● DIRECTIONS
Copy the data below in full, exactly as it appears.

● EXTRACTED INFORMATION
:::::
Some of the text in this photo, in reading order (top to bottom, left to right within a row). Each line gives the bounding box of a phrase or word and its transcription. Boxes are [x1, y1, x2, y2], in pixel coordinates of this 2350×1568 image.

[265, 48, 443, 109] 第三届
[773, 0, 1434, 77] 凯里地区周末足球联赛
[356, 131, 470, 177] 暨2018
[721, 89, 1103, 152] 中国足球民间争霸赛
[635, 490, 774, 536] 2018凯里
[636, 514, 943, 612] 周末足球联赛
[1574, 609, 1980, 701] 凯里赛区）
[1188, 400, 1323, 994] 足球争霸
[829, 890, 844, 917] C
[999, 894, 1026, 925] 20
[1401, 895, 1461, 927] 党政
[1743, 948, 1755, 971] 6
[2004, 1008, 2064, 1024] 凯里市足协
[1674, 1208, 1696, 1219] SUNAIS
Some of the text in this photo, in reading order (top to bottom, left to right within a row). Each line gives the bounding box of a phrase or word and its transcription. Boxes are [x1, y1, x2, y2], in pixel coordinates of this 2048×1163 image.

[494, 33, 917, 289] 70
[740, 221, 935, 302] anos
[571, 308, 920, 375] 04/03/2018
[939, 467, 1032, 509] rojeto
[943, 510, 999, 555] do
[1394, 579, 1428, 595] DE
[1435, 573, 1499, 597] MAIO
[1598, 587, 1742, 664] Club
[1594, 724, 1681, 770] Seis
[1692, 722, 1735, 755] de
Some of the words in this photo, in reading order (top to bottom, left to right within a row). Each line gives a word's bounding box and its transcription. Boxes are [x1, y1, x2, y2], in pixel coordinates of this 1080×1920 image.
:::::
● ANSWER BOX
Some of the text in this photo, in reading order (top to bottom, left to right within a row). Each line gives the bounding box of a phrase or word and its transcription. Boxes are [x1, y1, x2, y2], in pixel coordinates of this 2350×1568 image.

[265, 48, 443, 109] 第三届
[773, 0, 1434, 77] 凯里地区周末足球联赛
[356, 131, 470, 177] 暨2018
[721, 89, 1103, 152] 中国足球民间争霸赛
[635, 490, 774, 536] 2018凯里
[636, 514, 943, 612] 周末足球联赛
[1574, 609, 1980, 701] 凯里赛区）
[1188, 400, 1323, 994] 足球争霸
[829, 890, 844, 917] C
[999, 894, 1026, 925] 20
[1401, 895, 1461, 927] 党政
[1743, 948, 1755, 971] 6
[2004, 1008, 2064, 1024] 凯里市足协
[1674, 1208, 1696, 1219] SUNAIS
Some of the text in this photo, in reading order (top to bottom, left to right within a row). Each line gives the bounding box of a phrase or word and its transcription. Boxes are [x1, y1, x2, y2], in pixel coordinates of this 2048×1163 image.

[494, 33, 917, 289] 70
[740, 221, 935, 302] anos
[571, 308, 920, 375] 04/03/2018
[939, 467, 1032, 509] rojeto
[943, 510, 999, 555] do
[1394, 579, 1428, 595] DE
[1435, 573, 1499, 597] MAIO
[1598, 587, 1742, 664] Club
[1594, 724, 1681, 770] Seis
[1692, 722, 1735, 755] de
Some of the words in this photo, in reading order (top to bottom, left to right within a row). Each line gives a word's bounding box and its transcription. Boxes are [x1, y1, x2, y2], in pixel coordinates of this 1080×1920 image.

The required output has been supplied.